* _Problem details_:
Every line of the listing must be reproduced as it stands. Leave the images behind.

* _Input material_:
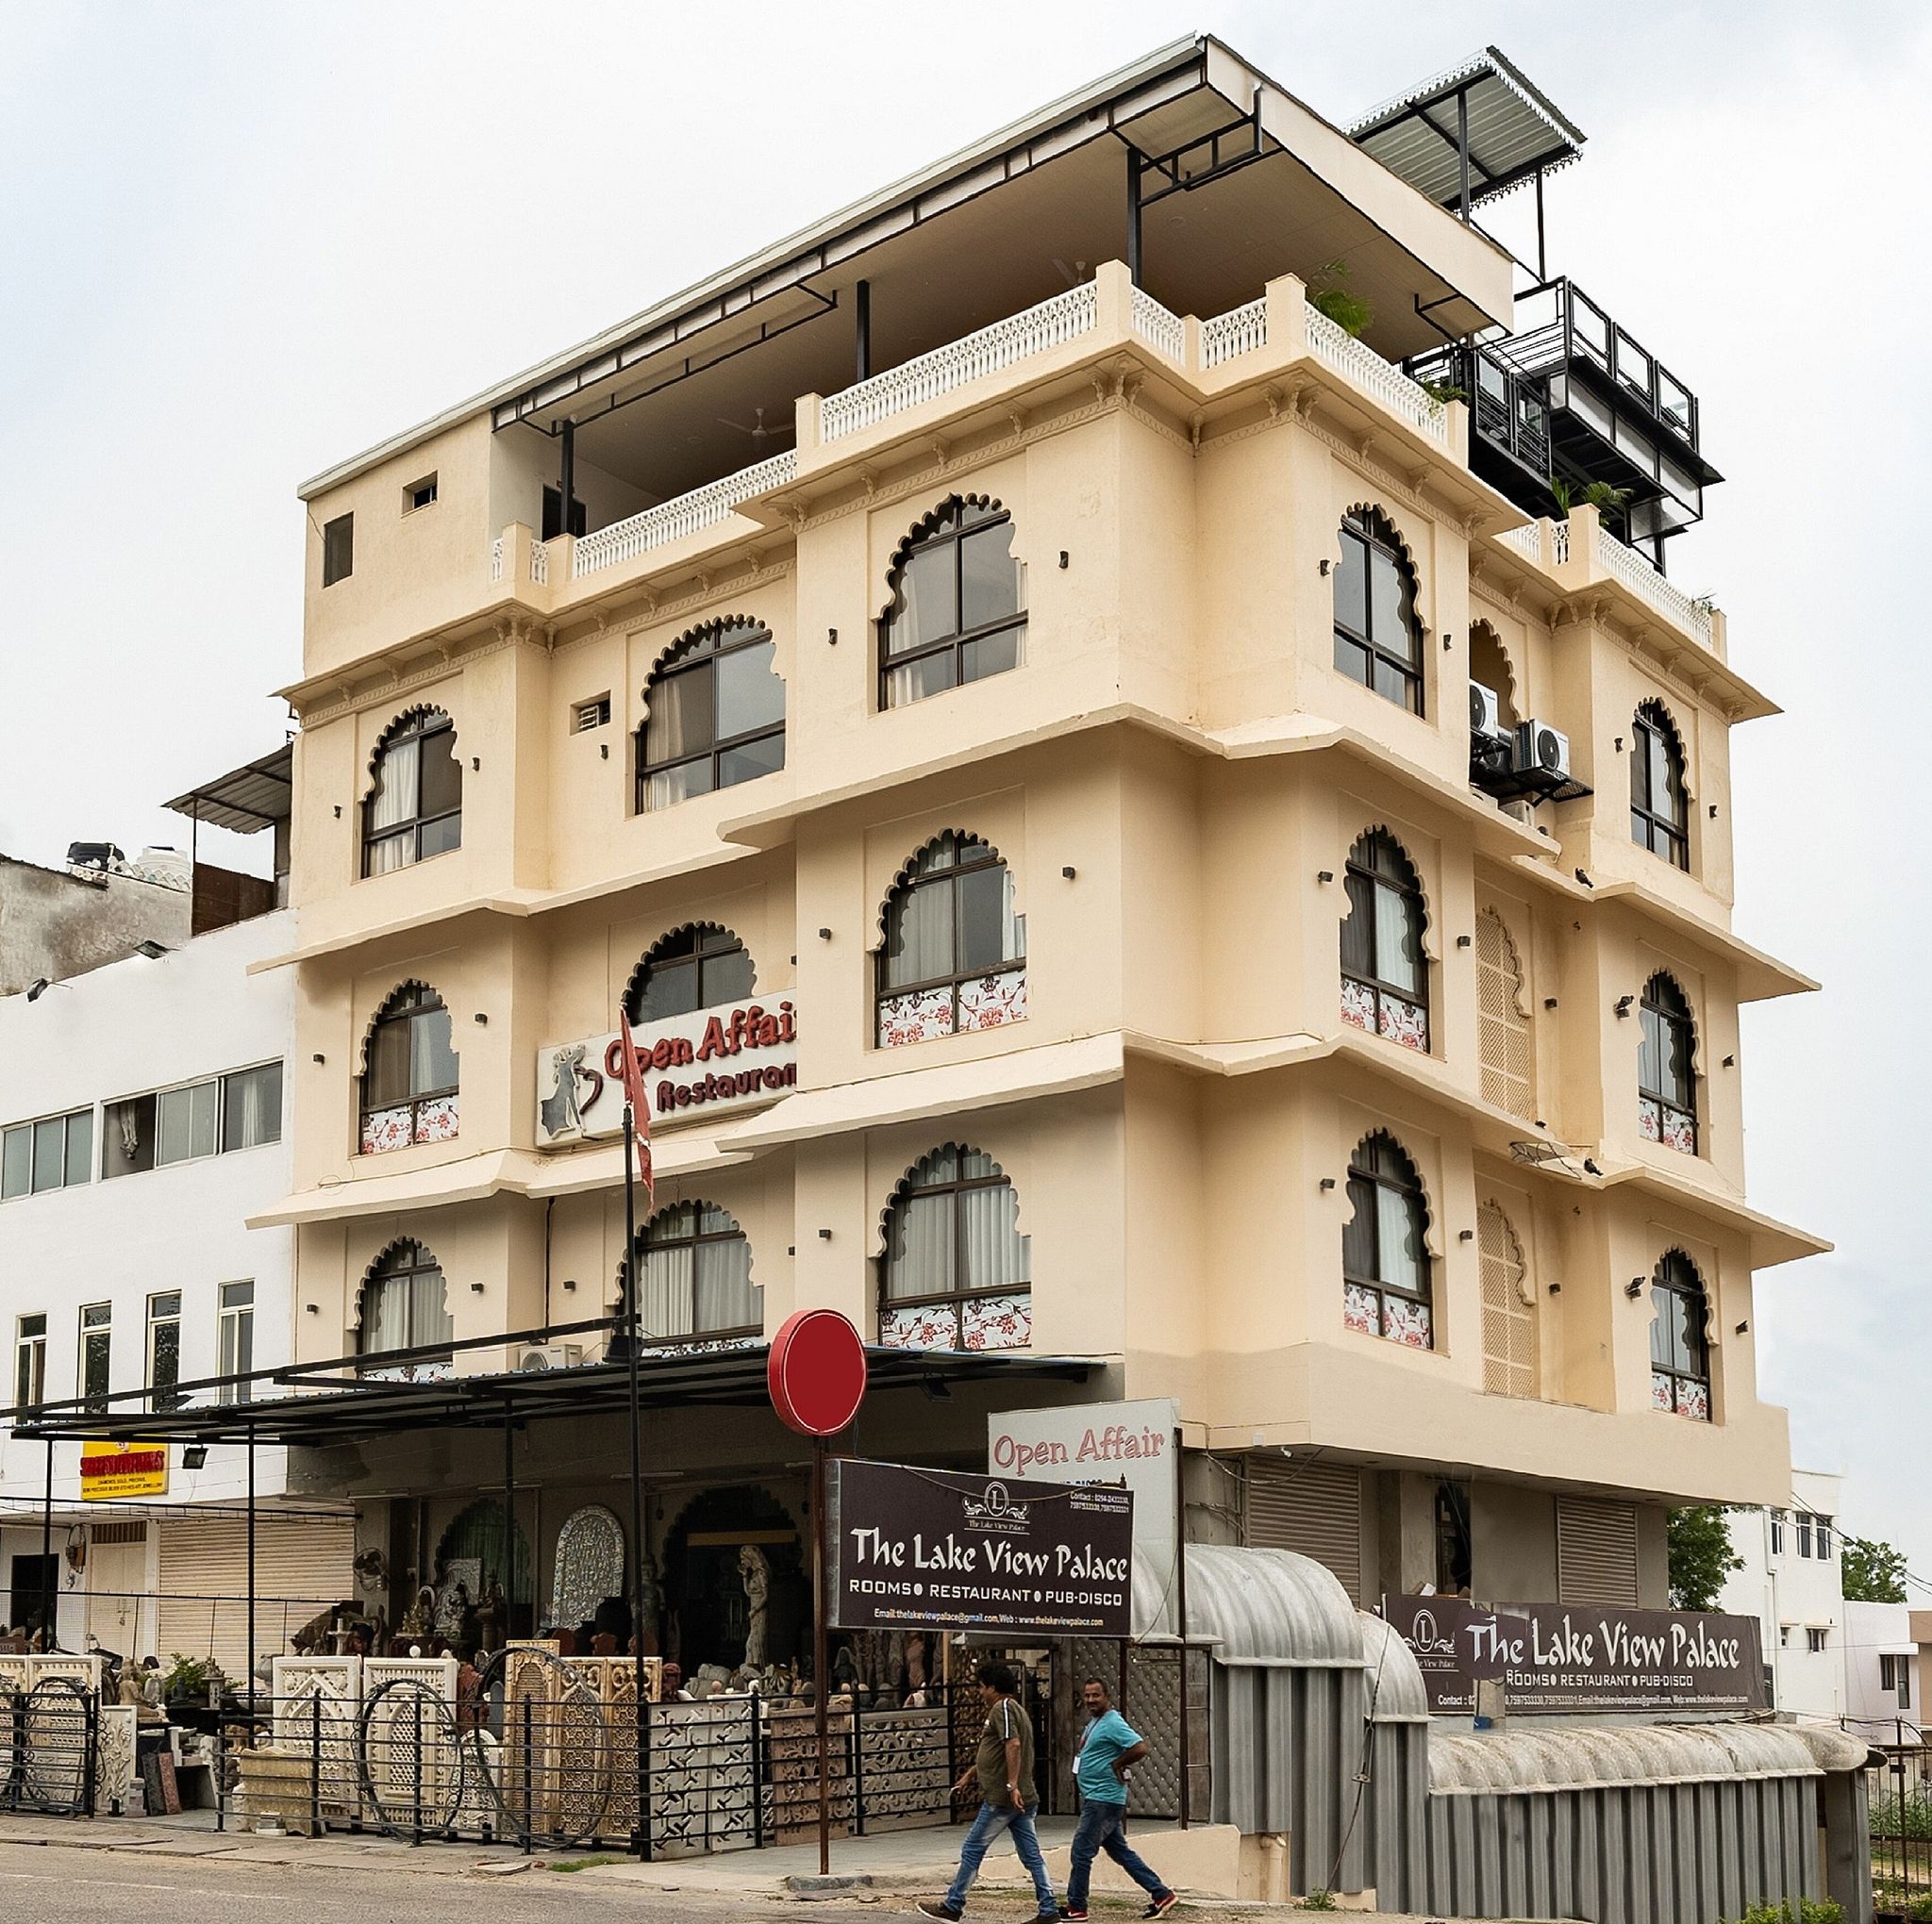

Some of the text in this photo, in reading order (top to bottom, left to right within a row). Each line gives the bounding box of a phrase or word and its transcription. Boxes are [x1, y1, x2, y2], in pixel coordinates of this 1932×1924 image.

[696, 1001, 797, 1062] Affai
[657, 1063, 797, 1114] Restauran
[993, 1425, 1165, 1477] Open Affair
[969, 1519, 979, 1528] The
[980, 1520, 993, 1529] Lake
[994, 1521, 1008, 1530] View
[850, 1527, 1128, 1583] The Lake View Palace
[850, 1579, 1123, 1607] ROOMS RESTAURANT PUB-DISCO
[1465, 1615, 1740, 1669] The Lake View Palace
[1438, 1694, 1463, 1705] Contact
[1506, 1670, 1693, 1687] ROOMS RESTAURANT PUB-DISCO

* _Task output_:
Some of the text in this photo, in reading order (top to bottom, left to right within a row). Each line gives the bounding box of a phrase or word and its transcription. Boxes are [x1, y1, x2, y2], in pixel coordinates of this 1932×1924 image.

[696, 1001, 797, 1062] Affai
[657, 1063, 797, 1114] Restauran
[993, 1425, 1165, 1477] Open Affair
[969, 1519, 979, 1528] The
[980, 1520, 993, 1529] Lake
[994, 1521, 1008, 1530] View
[850, 1527, 1128, 1583] The Lake View Palace
[850, 1579, 1123, 1607] ROOMS RESTAURANT PUB-DISCO
[1465, 1615, 1740, 1669] The Lake View Palace
[1438, 1694, 1463, 1705] Contact
[1506, 1670, 1693, 1687] ROOMS RESTAURANT PUB-DISCO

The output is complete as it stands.